╭─ Data section

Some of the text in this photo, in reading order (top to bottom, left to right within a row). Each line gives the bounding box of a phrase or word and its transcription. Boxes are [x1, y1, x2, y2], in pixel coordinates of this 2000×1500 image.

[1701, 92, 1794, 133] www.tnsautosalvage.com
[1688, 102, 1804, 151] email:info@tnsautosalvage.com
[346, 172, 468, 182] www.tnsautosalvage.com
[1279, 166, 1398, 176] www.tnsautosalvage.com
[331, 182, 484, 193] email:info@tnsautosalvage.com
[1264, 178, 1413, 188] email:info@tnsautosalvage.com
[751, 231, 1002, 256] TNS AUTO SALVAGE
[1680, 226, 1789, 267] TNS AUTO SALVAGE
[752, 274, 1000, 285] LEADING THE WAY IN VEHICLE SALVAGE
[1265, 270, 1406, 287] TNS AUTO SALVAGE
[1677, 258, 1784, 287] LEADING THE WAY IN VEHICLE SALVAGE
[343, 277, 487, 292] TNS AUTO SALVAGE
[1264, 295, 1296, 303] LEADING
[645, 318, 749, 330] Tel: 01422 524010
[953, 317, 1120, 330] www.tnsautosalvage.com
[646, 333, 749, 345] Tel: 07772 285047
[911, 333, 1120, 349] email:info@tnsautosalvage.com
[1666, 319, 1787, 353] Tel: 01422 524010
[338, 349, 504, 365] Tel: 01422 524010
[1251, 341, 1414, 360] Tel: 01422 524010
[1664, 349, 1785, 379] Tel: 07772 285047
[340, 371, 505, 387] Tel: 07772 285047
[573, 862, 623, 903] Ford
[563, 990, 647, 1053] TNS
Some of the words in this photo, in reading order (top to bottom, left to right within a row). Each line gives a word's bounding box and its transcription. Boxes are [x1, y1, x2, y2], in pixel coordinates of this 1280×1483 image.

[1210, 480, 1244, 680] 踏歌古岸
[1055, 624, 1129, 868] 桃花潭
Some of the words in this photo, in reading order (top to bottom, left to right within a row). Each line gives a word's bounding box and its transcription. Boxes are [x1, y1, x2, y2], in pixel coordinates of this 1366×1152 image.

╰─

- Exercise:
Give back all the material, with each line exactly as it stands.

- Exercise answer:
Some of the text in this photo, in reading order (top to bottom, left to right within a row). Each line gives the bounding box of a phrase or word and its transcription. Boxes are [x1, y1, x2, y2], in pixel coordinates of this 2000×1500 image.

[1701, 92, 1794, 133] www.tnsautosalvage.com
[1688, 102, 1804, 151] email:info@tnsautosalvage.com
[346, 172, 468, 182] www.tnsautosalvage.com
[1279, 166, 1398, 176] www.tnsautosalvage.com
[331, 182, 484, 193] email:info@tnsautosalvage.com
[1264, 178, 1413, 188] email:info@tnsautosalvage.com
[751, 231, 1002, 256] TNS AUTO SALVAGE
[1680, 226, 1789, 267] TNS AUTO SALVAGE
[752, 274, 1000, 285] LEADING THE WAY IN VEHICLE SALVAGE
[1265, 270, 1406, 287] TNS AUTO SALVAGE
[1677, 258, 1784, 287] LEADING THE WAY IN VEHICLE SALVAGE
[343, 277, 487, 292] TNS AUTO SALVAGE
[1264, 295, 1296, 303] LEADING
[645, 318, 749, 330] Tel: 01422 524010
[953, 317, 1120, 330] www.tnsautosalvage.com
[646, 333, 749, 345] Tel: 07772 285047
[911, 333, 1120, 349] email:info@tnsautosalvage.com
[1666, 319, 1787, 353] Tel: 01422 524010
[338, 349, 504, 365] Tel: 01422 524010
[1251, 341, 1414, 360] Tel: 01422 524010
[1664, 349, 1785, 379] Tel: 07772 285047
[340, 371, 505, 387] Tel: 07772 285047
[573, 862, 623, 903] Ford
[563, 990, 647, 1053] TNS
Some of the words in this photo, in reading order (top to bottom, left to right within a row). Each line gives a word's bounding box and its transcription. Boxes are [x1, y1, x2, y2], in pixel coordinates of this 1280×1483 image.

[1210, 480, 1244, 680] 踏歌古岸
[1055, 624, 1129, 868] 桃花潭
Some of the words in this photo, in reading order (top to bottom, left to right within a row). Each line gives a word's bounding box and its transcription. Boxes are [x1, y1, x2, y2], in pixel coordinates of this 1366×1152 image.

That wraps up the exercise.